The Optimism of French Toast
by Dorianne Laux


by Dorianne Laux


No matter how many years since

the first bite passed my lips, that business

of eggs and day old bread, ribbon of syrup,

fireflies of butter sparking my tongue’s buds,

I think of my Acadian ancestors

landing on the shores of Nova Scotia, divining

logs from the deep woods, fashioning windows,

hanging laundry from two oars dug into sand—

the flags of domesticity flayed by the wind.

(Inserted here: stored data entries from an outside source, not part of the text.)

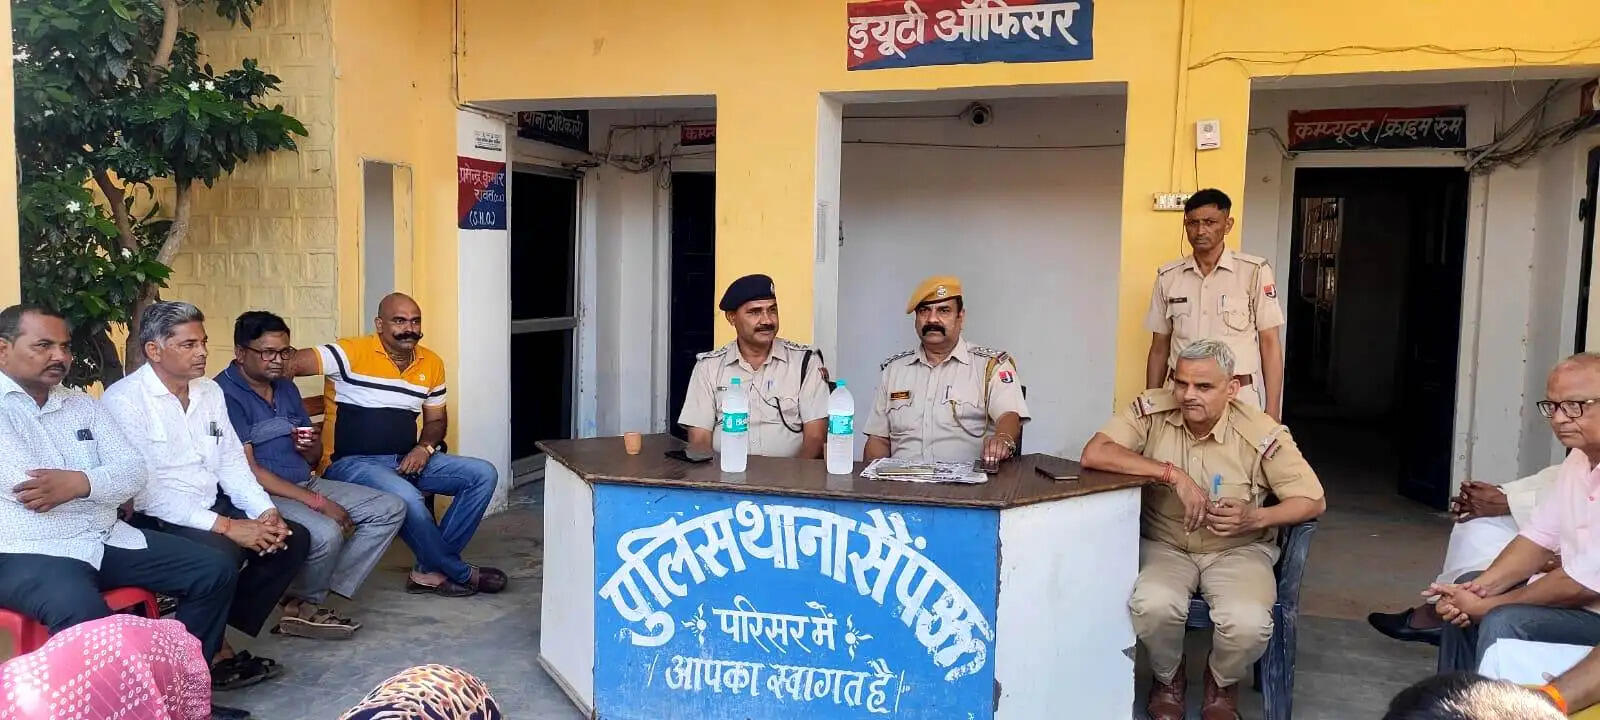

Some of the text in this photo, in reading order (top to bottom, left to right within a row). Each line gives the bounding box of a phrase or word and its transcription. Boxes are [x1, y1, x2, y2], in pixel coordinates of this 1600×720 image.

[849, 0, 1081, 59] ड्यूटी ऑफिसर
[1433, 115, 1464, 142] रूम
[473, 188, 494, 203] रावत
[482, 170, 505, 188] कुमार
[598, 508, 747, 647] पुलिस
[735, 500, 857, 583] थाना
[712, 595, 839, 654] परिसर में
[664, 654, 898, 713] आपका स्वागत है

I see the fruits of their labor rise up

from the marshes: beets, parsnips, cabbages

and corn, and the wheat they ground

to powder and baked into bread.

And the chickens shook out egg after egg

we broke into shallow bowls, beat

with a spoon, each thick slice dipped

into that loom of albumen, chalazae and yolk,

then laid on a scrim of grease in the pan

where it sizzled its solitary song.

How could these French be

considered a scourge, their houses

burned to the ground they had worked,

forced to take the tangled circuitry

 of dirt roads with nothing but what

they could carry on their backs?  No time

for funerals, no place to go.  And yet

here I am listening to Clifton Chenier

on the radio, daughter of a people

who refused to die, a sack of wheat

on the shoulder, spoon in a belt loop,

sugar sprinkled in a pant cuff,

a sleeping chicken hidden under a coat.